Within the entries below, the lines from the one with "this 1280×1708 image." through the one with "Some of the words" are to be set down exactly, both ends kept.

Input data Start Marker

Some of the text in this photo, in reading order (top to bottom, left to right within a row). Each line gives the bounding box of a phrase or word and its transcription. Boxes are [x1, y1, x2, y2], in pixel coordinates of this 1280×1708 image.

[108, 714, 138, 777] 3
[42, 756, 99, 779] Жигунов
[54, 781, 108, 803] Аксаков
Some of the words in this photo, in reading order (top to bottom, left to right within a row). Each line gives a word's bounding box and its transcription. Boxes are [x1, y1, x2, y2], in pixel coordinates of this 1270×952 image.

Input data End Marker
Input data Start Marker

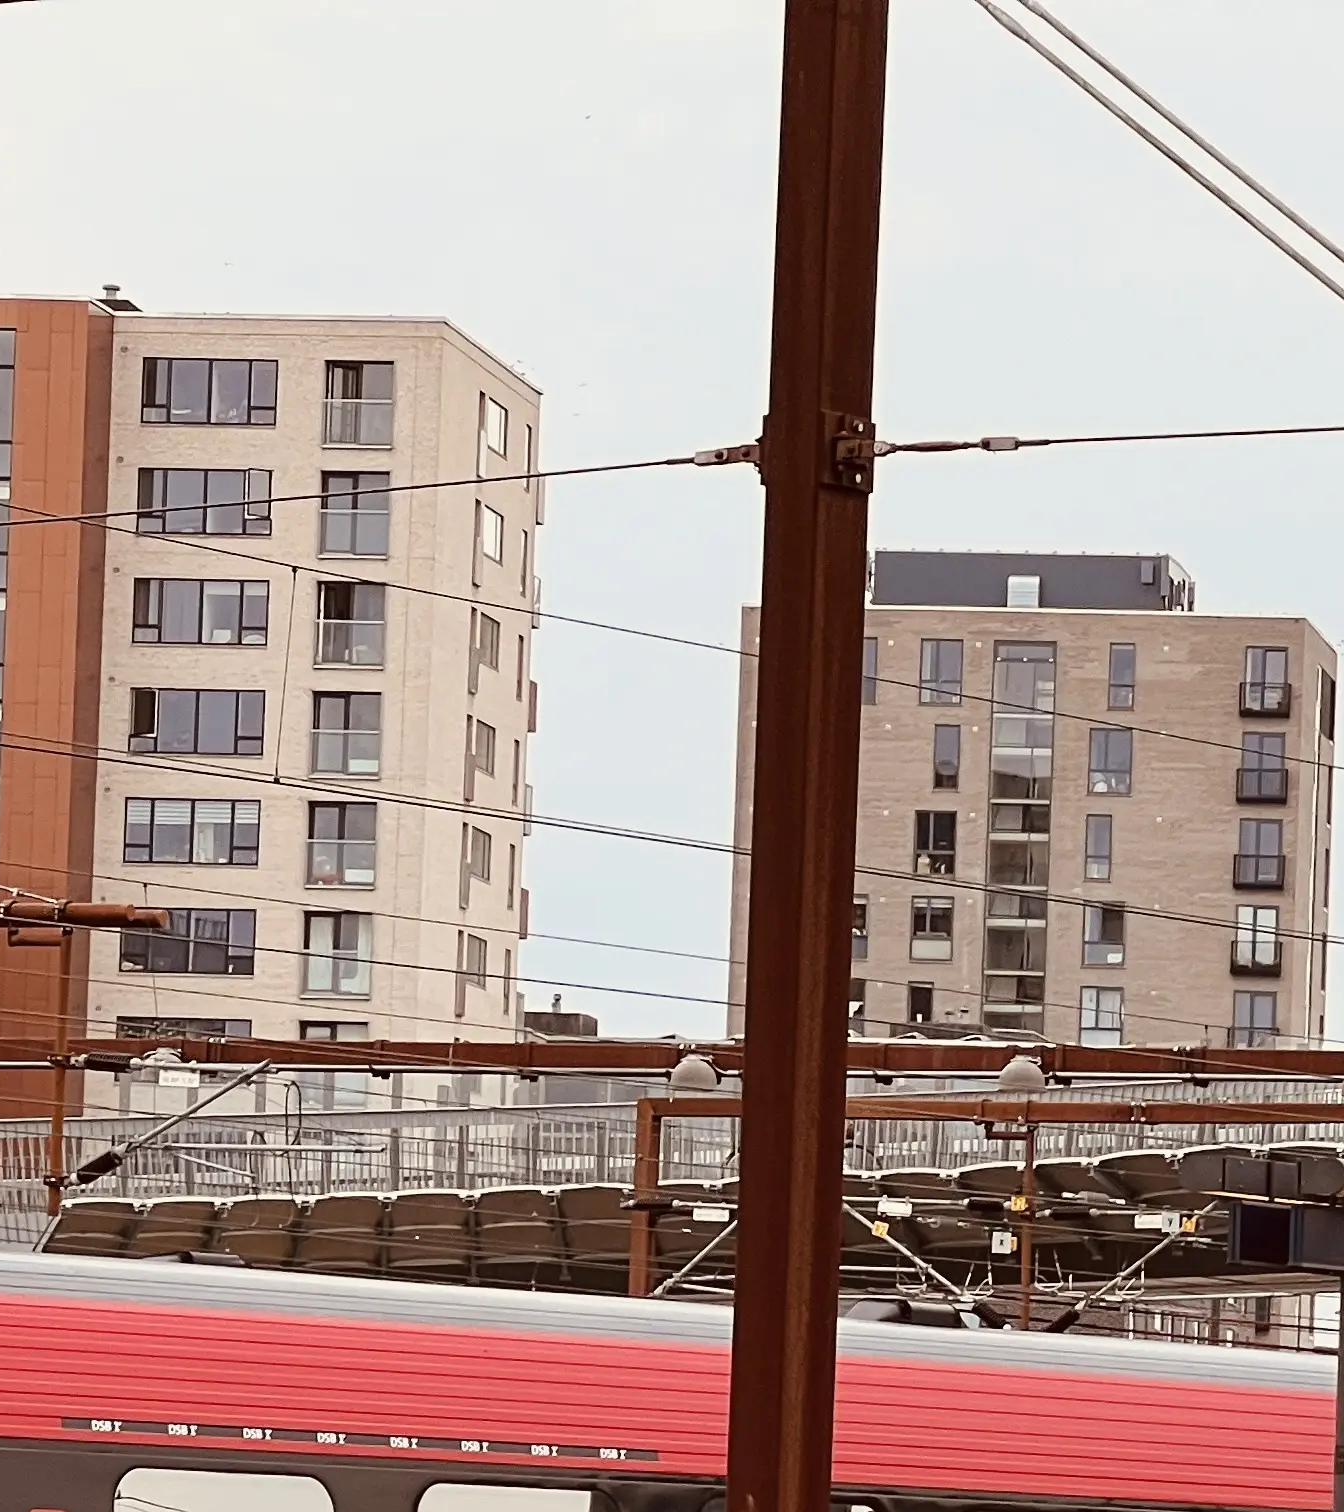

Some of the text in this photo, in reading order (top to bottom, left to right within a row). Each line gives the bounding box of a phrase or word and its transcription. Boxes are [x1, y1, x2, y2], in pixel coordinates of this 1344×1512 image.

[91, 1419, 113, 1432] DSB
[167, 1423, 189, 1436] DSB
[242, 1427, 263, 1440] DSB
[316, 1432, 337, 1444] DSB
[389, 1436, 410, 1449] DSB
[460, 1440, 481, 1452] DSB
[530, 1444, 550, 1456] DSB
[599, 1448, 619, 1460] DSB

Input data End Marker

_Final answer_.
Some of the text in this photo, in reading order (top to bottom, left to right within a row). Each line gives the bounding box of a phrase or word and its transcription. Boxes are [x1, y1, x2, y2], in pixel coordinates of this 1280×1708 image.

[108, 714, 138, 777] 3
[42, 756, 99, 779] Жигунов
[54, 781, 108, 803] Аксаков
Some of the words in this photo, in reading order (top to bottom, left to right within a row). Each line gives a word's bounding box and its transcription. Boxes are [x1, y1, x2, y2], in pixel coordinates of this 1270×952 image.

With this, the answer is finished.